Wheeling through Charleston - My Family Travels

I had passed through Charleston many times before; stopping for doctor appointments and had always felt close to the city, but never before had I experienced it quite this way. I had become disabled due to a genetic illness two years before, which sometimes confines me to a wheelchair. Although a wheelchair makes traveling hard, I truly wanted to go to Charleston’s slave market and experience the history that engulfed it. My parents wanted to make this a memorable visit and knew sometimes people don’t take well or don’t know how to act around wheelchairs, but the people of Charleston were extremely nice and welcoming. Old southern woman would offer kind smiles and praline samples, while random strangers helped my dad lift my wheelchair over steps.
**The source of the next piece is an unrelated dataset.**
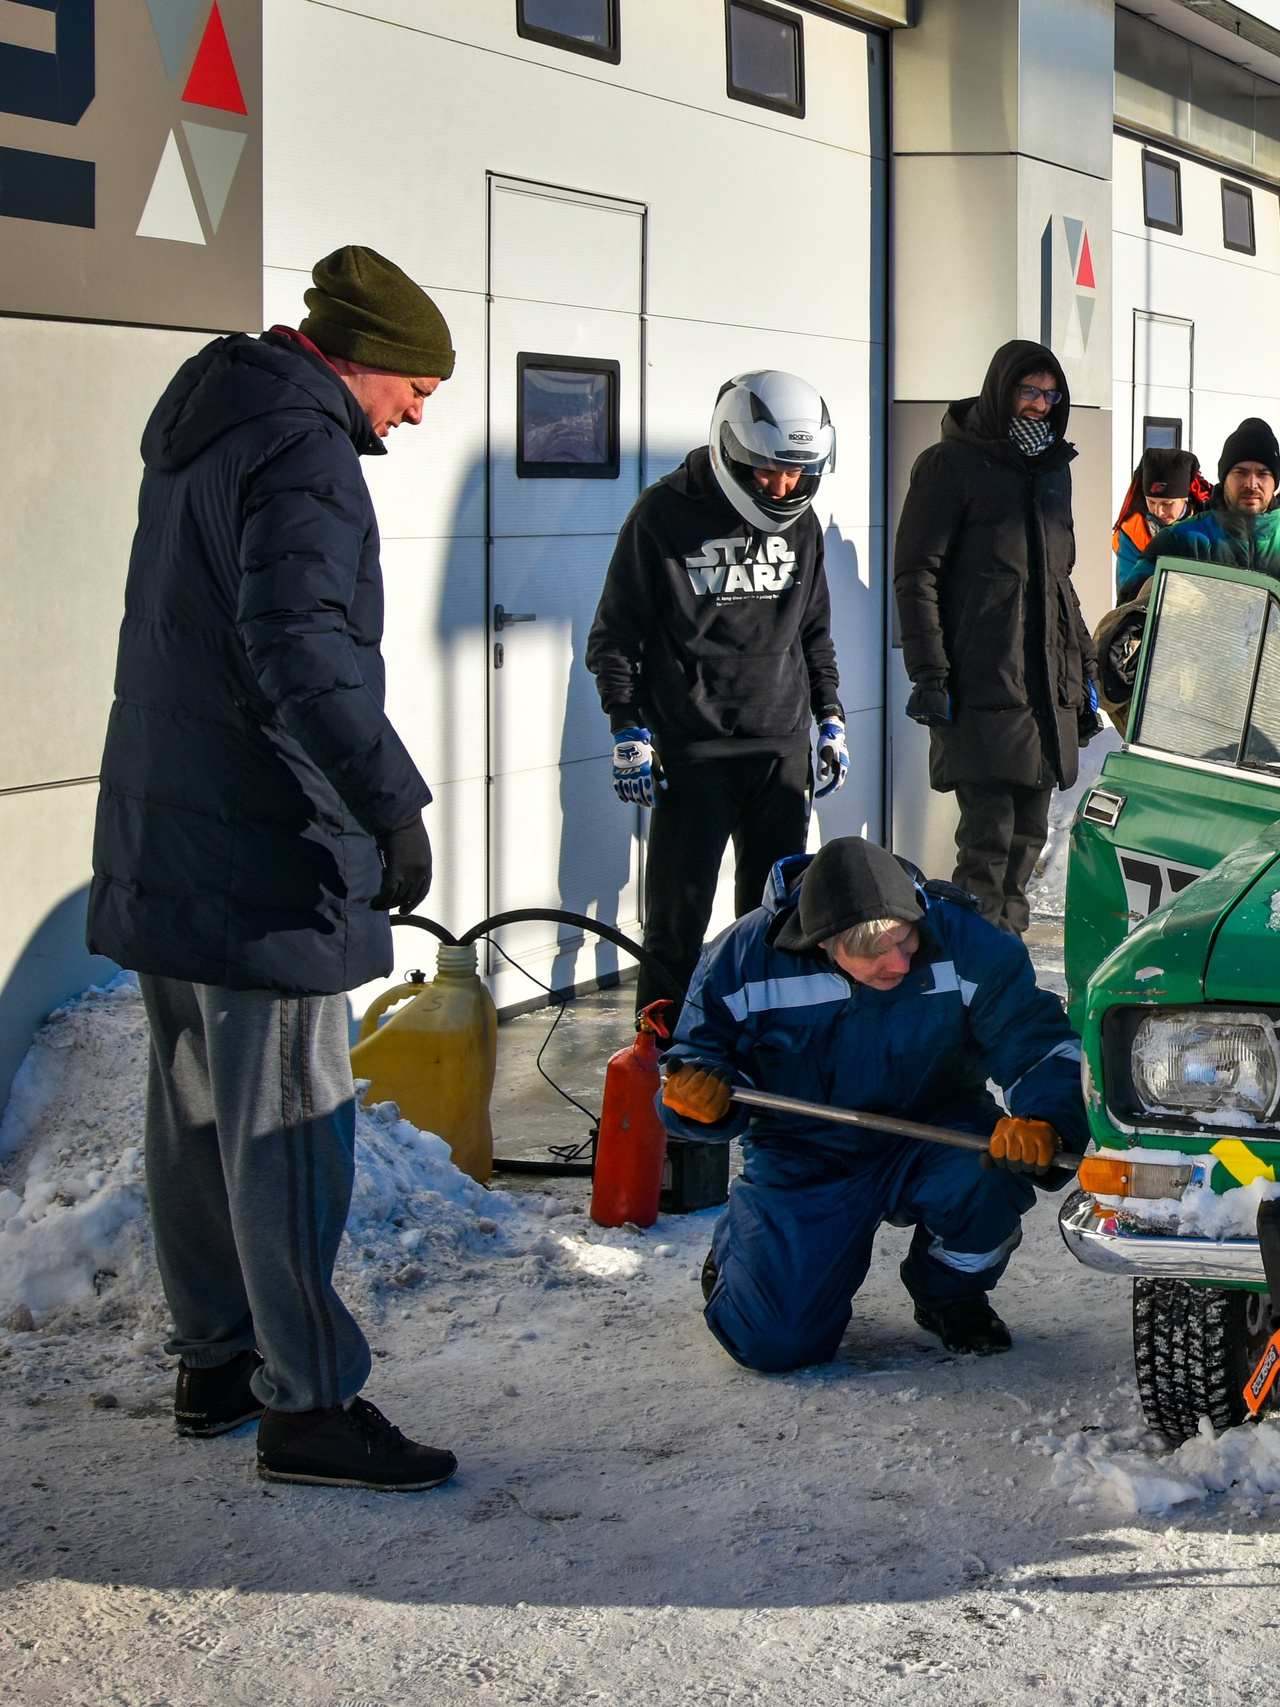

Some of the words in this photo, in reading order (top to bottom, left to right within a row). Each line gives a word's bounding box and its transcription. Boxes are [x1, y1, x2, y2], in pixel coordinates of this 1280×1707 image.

The people of Charleston, especially in the Market remember the history and embrace it even today. When walking through the market or for me wheeling, I could smell the old time spices and really understand the history of the city. The woman who sold the spices told us that her great- great grandmother had created spices and that it’s a family tradition, which her granddaughter is taking over. Each table that we passed was selling something meaningful that represented Charleston. From church dolls that little girls used to bring with them to church in the 1800s to sweet grass baskets and flowers, the history of Charleston lives in the Market. Family traditions dating back to pre-civil war still live today and flourish in the market. 

Charleston had always been familiar to me because I used to think of it as just where my doctors are, but this trip changed my whole perspective. In the market I could forget all my worries and just focus on my surroundings. There is so much to take in, sometime you just have to step back and enjoy it all. In the market I could enjoy mouthwatering pralines and forget about the pain I am in. The vendors and shop owners make you feel like family and to them I am not a hassle, but a blessing. I didn't embrace Charleston, Charleston embraces me.